PROBLEM STATEMENT: Reproduce every record exactly as given.

PROVIDED ENTRIES:

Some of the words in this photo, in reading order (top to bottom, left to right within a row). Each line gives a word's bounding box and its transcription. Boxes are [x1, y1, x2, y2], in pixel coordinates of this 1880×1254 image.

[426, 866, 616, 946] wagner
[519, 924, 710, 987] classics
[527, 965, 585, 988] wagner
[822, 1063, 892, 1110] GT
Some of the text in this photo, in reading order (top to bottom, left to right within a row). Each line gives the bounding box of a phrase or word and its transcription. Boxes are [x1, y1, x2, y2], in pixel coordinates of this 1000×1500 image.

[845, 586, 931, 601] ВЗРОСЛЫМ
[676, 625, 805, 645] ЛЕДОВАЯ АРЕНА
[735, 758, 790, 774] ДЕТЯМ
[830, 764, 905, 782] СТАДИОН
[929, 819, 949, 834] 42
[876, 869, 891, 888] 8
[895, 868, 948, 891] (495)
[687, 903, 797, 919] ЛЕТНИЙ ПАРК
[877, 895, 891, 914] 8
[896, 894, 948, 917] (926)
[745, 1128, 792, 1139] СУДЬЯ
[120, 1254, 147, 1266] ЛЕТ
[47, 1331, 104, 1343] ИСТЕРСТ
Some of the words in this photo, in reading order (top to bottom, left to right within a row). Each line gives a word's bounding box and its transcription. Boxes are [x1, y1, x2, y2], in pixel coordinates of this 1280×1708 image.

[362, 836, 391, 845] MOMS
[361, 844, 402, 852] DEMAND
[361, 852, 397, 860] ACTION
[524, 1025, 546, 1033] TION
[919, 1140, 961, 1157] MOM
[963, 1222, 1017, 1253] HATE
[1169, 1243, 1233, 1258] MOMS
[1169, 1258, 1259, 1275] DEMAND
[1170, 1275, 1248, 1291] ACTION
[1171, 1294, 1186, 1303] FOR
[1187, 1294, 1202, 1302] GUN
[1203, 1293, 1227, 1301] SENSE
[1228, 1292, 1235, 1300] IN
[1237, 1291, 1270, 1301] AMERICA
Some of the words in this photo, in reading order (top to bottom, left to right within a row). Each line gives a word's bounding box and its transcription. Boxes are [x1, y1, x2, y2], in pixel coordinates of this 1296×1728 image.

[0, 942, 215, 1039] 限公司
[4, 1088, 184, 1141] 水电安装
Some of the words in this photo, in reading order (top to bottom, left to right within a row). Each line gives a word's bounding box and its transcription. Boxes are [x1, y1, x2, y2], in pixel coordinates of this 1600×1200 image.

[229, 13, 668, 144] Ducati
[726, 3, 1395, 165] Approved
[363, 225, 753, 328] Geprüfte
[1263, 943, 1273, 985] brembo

RESULT FOR THIS EXERCISE:
Some of the words in this photo, in reading order (top to bottom, left to right within a row). Each line gives a word's bounding box and its transcription. Boxes are [x1, y1, x2, y2], in pixel coordinates of this 1880×1254 image.

[426, 866, 616, 946] wagner
[519, 924, 710, 987] classics
[527, 965, 585, 988] wagner
[822, 1063, 892, 1110] GT
Some of the text in this photo, in reading order (top to bottom, left to right within a row). Each line gives the bounding box of a phrase or word and its transcription. Boxes are [x1, y1, x2, y2], in pixel coordinates of this 1000×1500 image.

[845, 586, 931, 601] ВЗРОСЛЫМ
[676, 625, 805, 645] ЛЕДОВАЯ АРЕНА
[735, 758, 790, 774] ДЕТЯМ
[830, 764, 905, 782] СТАДИОН
[929, 819, 949, 834] 42
[876, 869, 891, 888] 8
[895, 868, 948, 891] (495)
[687, 903, 797, 919] ЛЕТНИЙ ПАРК
[877, 895, 891, 914] 8
[896, 894, 948, 917] (926)
[745, 1128, 792, 1139] СУДЬЯ
[120, 1254, 147, 1266] ЛЕТ
[47, 1331, 104, 1343] ИСТЕРСТ
Some of the words in this photo, in reading order (top to bottom, left to right within a row). Each line gives a word's bounding box and its transcription. Boxes are [x1, y1, x2, y2], in pixel coordinates of this 1280×1708 image.

[362, 836, 391, 845] MOMS
[361, 844, 402, 852] DEMAND
[361, 852, 397, 860] ACTION
[524, 1025, 546, 1033] TION
[919, 1140, 961, 1157] MOM
[963, 1222, 1017, 1253] HATE
[1169, 1243, 1233, 1258] MOMS
[1169, 1258, 1259, 1275] DEMAND
[1170, 1275, 1248, 1291] ACTION
[1171, 1294, 1186, 1303] FOR
[1187, 1294, 1202, 1302] GUN
[1203, 1293, 1227, 1301] SENSE
[1228, 1292, 1235, 1300] IN
[1237, 1291, 1270, 1301] AMERICA
Some of the words in this photo, in reading order (top to bottom, left to right within a row). Each line gives a word's bounding box and its transcription. Boxes are [x1, y1, x2, y2], in pixel coordinates of this 1296×1728 image.

[0, 942, 215, 1039] 限公司
[4, 1088, 184, 1141] 水电安装
Some of the words in this photo, in reading order (top to bottom, left to right within a row). Each line gives a word's bounding box and its transcription. Boxes are [x1, y1, x2, y2], in pixel coordinates of this 1600×1200 image.

[229, 13, 668, 144] Ducati
[726, 3, 1395, 165] Approved
[363, 225, 753, 328] Geprüfte
[1263, 943, 1273, 985] brembo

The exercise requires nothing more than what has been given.